Records drawn from a dataset:
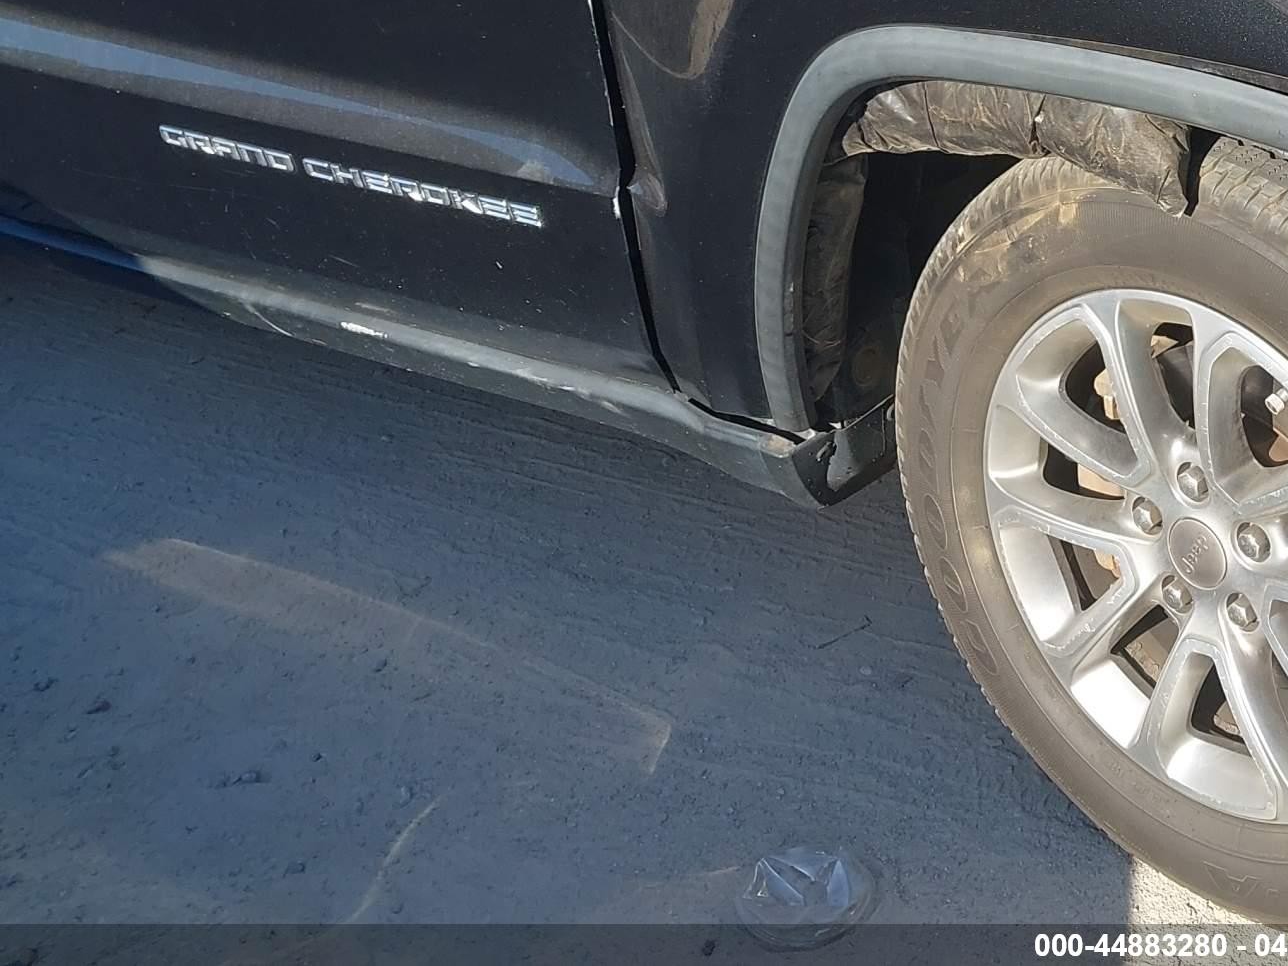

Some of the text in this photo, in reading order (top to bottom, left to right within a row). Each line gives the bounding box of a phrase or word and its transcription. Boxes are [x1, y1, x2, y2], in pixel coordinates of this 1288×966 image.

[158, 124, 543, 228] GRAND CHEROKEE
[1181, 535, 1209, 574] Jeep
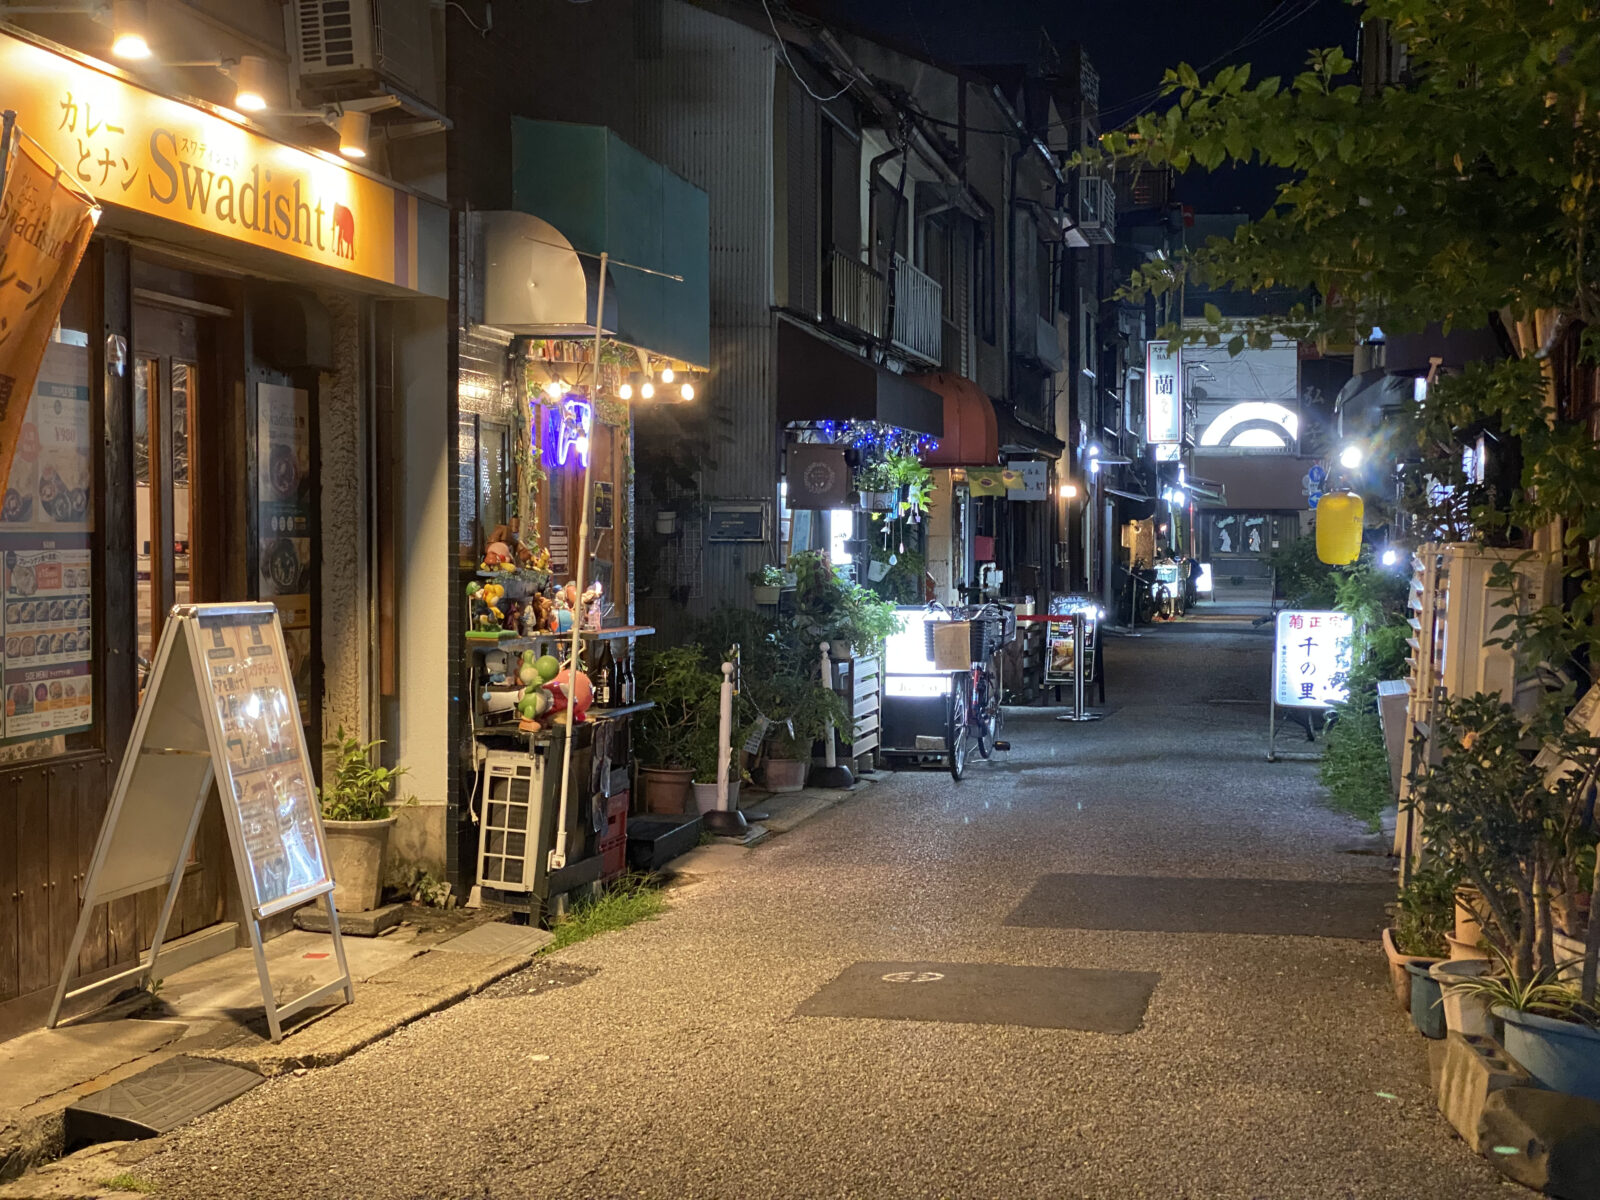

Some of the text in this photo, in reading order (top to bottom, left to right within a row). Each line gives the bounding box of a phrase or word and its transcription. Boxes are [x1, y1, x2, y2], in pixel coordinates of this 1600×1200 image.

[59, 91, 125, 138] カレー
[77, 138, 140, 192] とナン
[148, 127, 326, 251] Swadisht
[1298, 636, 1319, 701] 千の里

* _WHAT THIS TASK INVOLVES_
Give the data again word for word, without pictures.

* _RESULT FOR THIS EXERCISE_
Some of the text in this photo, in reading order (top to bottom, left to right within a row). Each line gives the bounding box of a phrase or word and its transcription. Boxes are [x1, y1, x2, y2], in pixel coordinates of this 1288×966 image.

[158, 124, 543, 228] GRAND CHEROKEE
[1181, 535, 1209, 574] Jeep

Some of the text in this photo, in reading order (top to bottom, left to right within a row). Each line gives the bounding box of a phrase or word and its transcription. Boxes are [x1, y1, x2, y2], in pixel coordinates of this 1600×1200 image.

[59, 91, 125, 138] カレー
[77, 138, 140, 192] とナン
[148, 127, 326, 251] Swadisht
[1298, 636, 1319, 701] 千の里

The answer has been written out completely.